All eleven NuGet packages are versioned in lockstep at 10.0.0 (1 core + 10 satellites). Core and the satellites move together in release waves (ADR-0022 → 8.0.0, ADR-0023 → 9.0.0, ADR-0025 + ADR-0040..0064 → 10.0.0); WebReaper.Sqlite, added at 7.1.0, joined the lockstep from 8.0.0; WebReaper.AI, WebReaper.Mcp, WebReaper.Extraction.Attributes, and WebReaper.Extraction.Generators joined at 10.0.0 (the AI-native wave). All packages are MIT-licensed (ADR-0017; relicensed from GPL-3.0-or-later in the 10.0.0 wave), and every satellite wires itself in through the builder's public registration seam. WebReaper.Cli (ADR-0043, the AOT single-binary agent surface) is not a NuGet package in 10.0.0 — build from source per Quick start.

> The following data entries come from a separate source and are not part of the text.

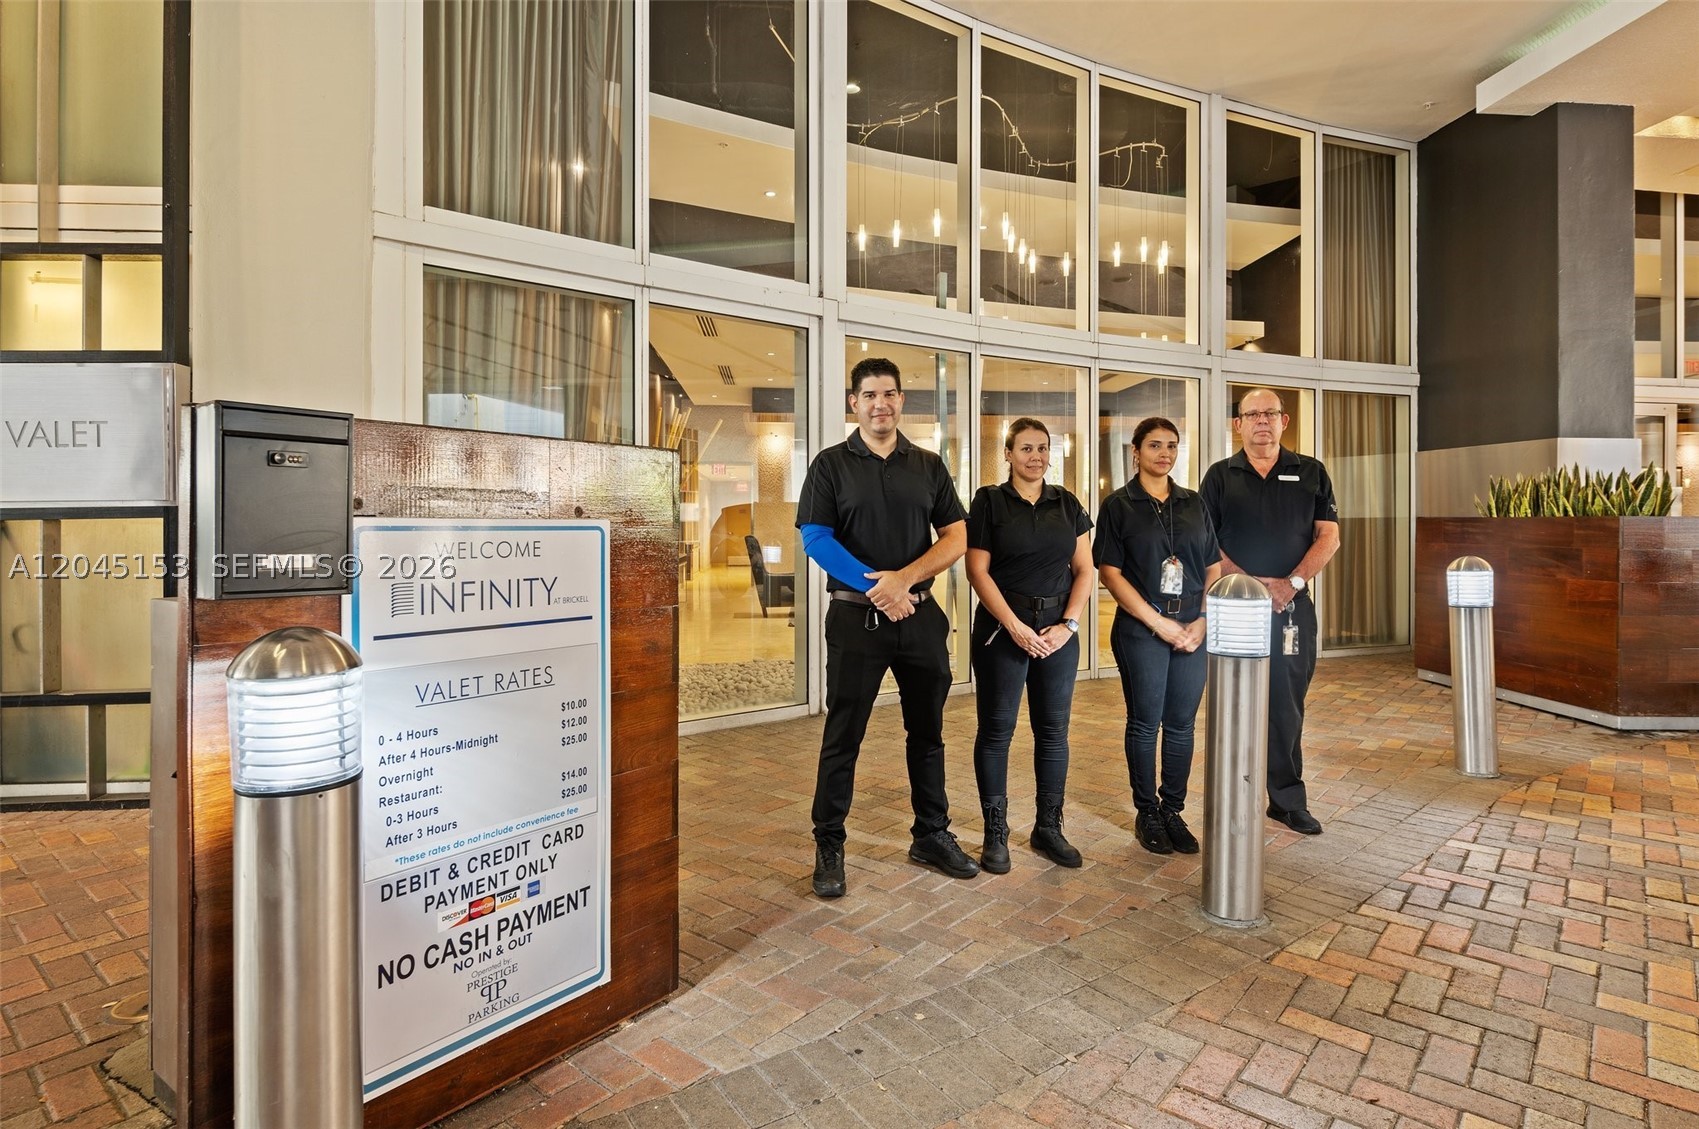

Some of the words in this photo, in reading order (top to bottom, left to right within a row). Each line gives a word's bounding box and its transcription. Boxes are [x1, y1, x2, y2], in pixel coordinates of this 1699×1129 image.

[4, 420, 109, 448] VALET
[435, 540, 541, 560] WELCOME
[420, 577, 558, 615] INFINITY
[562, 595, 589, 604] BRICKELL
[415, 675, 483, 704] VALET
[494, 666, 554, 691] RATES
[561, 699, 587, 712] $10.00
[379, 735, 384, 746] 0
[396, 732, 402, 742] 4
[406, 727, 438, 740] Hours
[561, 716, 587, 729] $12.00
[379, 752, 406, 767] After
[410, 749, 416, 760] 4
[420, 733, 498, 758] Hours-Midnight
[561, 733, 587, 746] $25.00
[379, 766, 434, 787] Overnight
[561, 767, 587, 781] $14.00
[379, 784, 443, 808] Restaurant:
[561, 784, 587, 799] $25.00
[386, 813, 403, 827] 0-3
[407, 805, 439, 821] Hours
[385, 831, 413, 848] After
[417, 828, 423, 839] 3
[427, 820, 457, 837] Hours
[428, 845, 451, 858] rates
[453, 840, 465, 849] do
[467, 835, 481, 845] not
[483, 824, 513, 841] include
[516, 810, 565, 830] convenience
[566, 806, 579, 816] fee
[380, 868, 441, 902] DEBIT
[448, 863, 460, 880] &
[467, 839, 531, 874] CREDIT
[542, 824, 584, 849] CARD
[424, 870, 509, 913] PAYMENT
[516, 853, 558, 880] ONLY
[442, 908, 467, 921] DISCOVER
[500, 892, 517, 903] VISA
[377, 954, 415, 989] NO
[424, 924, 489, 969] CASH
[496, 886, 591, 941] PAYMENT
[453, 958, 473, 974] NO
[478, 949, 491, 963] IN
[496, 944, 504, 956] &
[508, 932, 533, 950] OUT
[467, 963, 519, 992] PRESTIGE
[471, 961, 502, 978] Operated
[468, 993, 520, 1024] PARKING
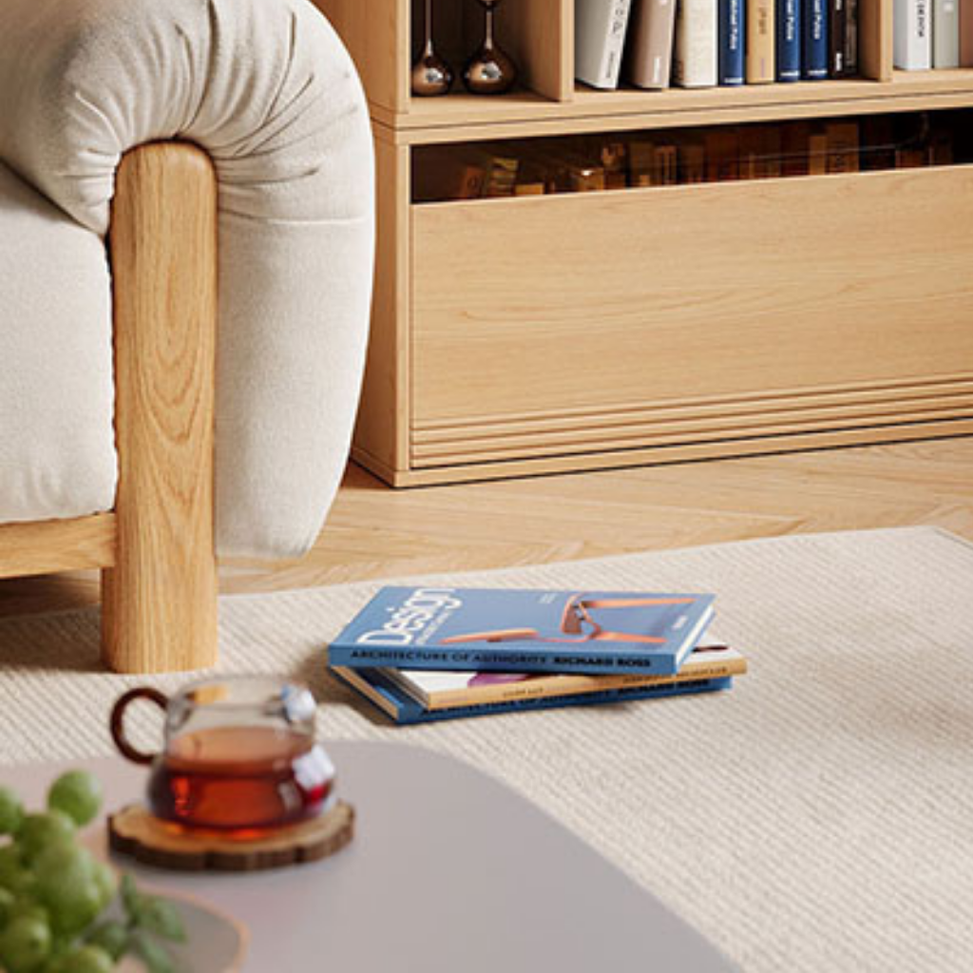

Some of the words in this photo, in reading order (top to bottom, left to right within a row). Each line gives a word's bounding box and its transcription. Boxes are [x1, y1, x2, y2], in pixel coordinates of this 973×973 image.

[356, 588, 462, 645] Design
[351, 649, 448, 661] ARCHITECTURE
[452, 652, 469, 662] OF
[472, 653, 546, 664] AUTHORITY
[554, 656, 613, 667] RICHARD
[617, 658, 651, 668] ROSS

Package	Add it for	Key builder calls
WebReaper	Core. HTTP crawl/parse, in-memory + file scheduler / visited-link tracker / cookie & config storage, Console / CSV / JSON-Lines sinks. Dependency-light, Native-AOT-ready, Newtonsoft-free.	`Crawl` `Extract` `Follow` `Paginate` `WriteToJsonFile` `WriteToCsvFile` `WriteToConsole`
WebReaper.Puppeteer	Headless-browser loading of SPA / JavaScript pages	`.WithPuppeteerPageLoader()` + `CrawlWithBrowser` / `FollowWithBrowser` / `PaginateWithBrowser`
WebReaper.Mongo	MongoDB result sink and MongoDB-backed config / cookie storage	`.WriteToMongoDb(...)` `.WithMongoDbConfigStorage(...)` `.WithMongoDbCookieStorage(...)`
WebReaper.Redis	Redis scheduler, visited-link tracker, result sink, config / cookie storage	`.WithRedisScheduler(...)` `.TrackVisitedLinksInRedis(...)` `.WriteToRedis(...)` `.WithRedisConfigStorage(...)` `.WithRedisCookieStorage(...)`
WebReaper.AzureServiceBus	Distributed scheduler over an Azure Service Bus queue	`.WithAzureServiceBusScheduler(...)`
WebReaper.Cosmos	Azure Cosmos DB result sink	`.WriteToCosmosDb(...)`
WebReaper.Sqlite	Local durable scheduler & visited-link tracker on an embedded SQLite store — resume is a query, no position file. Opt-in robust-local tier (no server, unlike Redis).	`.WithSqliteScheduler(...)` `.TrackVisitedLinksInSqlite(...)`
WebReaper.AI	LLM content extraction over `Microsoft.Extensions.AI` (ADR-0044) — fallback after the deterministic fold (ADR-0046 router) or self-healing selectors (ADR-0047). Bring your own `IChatClient` (OpenAI, Anthropic, Ollama, …).	`.WithLlmFallback(chatClient)` `.WithLlmSelfHealing(chatClient)` `.WithLlmExtractor(chatClient)`
WebReaper.Extraction.Attributes	The `[ScrapeSchema]` / `[ScrapeField]` marker types — depend on these from POCOs that the source generator should pick up. Standalone, no runtime cost.	`[ScrapeSchema]` `[ScrapeField("selector")]`
WebReaper.Extraction.Generators	Roslyn source generator that emits `static Schema` + reflection-free `static Materialize(JsonObject)` for a `[ScrapeSchema] partial class` (ADR-0045). `DevelopmentDependency=true` — does not propagate at runtime.	— (compile-time only)
WebReaper.Mcp	MCP server `Exe` that exposes scrape / map / extract as MCP tools over stdio (ADR-0049) — interop adapter for MCP-only clients (Cursor, Claude Desktop, Copilot Studio).	— (the package is the executable)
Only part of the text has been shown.